▶ [Problem to solve]:
In the data that follows, count every line holding the string "KIERUNGS" and give the count alone.

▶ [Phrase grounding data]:
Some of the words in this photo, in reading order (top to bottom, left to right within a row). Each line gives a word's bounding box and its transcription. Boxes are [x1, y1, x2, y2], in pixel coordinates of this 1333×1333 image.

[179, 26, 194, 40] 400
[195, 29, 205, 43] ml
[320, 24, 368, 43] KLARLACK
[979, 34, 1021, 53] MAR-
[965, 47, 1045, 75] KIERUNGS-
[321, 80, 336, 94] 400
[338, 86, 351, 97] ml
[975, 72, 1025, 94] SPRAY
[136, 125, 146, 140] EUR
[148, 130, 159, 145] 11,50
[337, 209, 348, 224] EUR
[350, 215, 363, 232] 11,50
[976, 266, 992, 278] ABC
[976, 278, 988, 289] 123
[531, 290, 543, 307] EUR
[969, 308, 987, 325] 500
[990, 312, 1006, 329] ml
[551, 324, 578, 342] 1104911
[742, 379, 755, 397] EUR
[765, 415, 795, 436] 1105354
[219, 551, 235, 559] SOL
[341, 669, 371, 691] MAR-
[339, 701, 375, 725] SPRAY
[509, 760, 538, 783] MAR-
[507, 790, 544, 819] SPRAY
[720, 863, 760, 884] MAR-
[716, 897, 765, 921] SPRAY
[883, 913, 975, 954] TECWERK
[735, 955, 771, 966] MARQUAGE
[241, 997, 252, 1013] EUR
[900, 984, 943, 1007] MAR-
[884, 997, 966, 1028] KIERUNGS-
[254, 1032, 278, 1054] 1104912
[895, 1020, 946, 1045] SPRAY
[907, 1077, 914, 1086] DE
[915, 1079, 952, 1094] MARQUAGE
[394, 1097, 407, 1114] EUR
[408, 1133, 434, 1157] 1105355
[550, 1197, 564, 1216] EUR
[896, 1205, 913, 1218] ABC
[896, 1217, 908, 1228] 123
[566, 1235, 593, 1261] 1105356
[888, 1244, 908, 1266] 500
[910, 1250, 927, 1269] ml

▶ [Exercise solution]:
2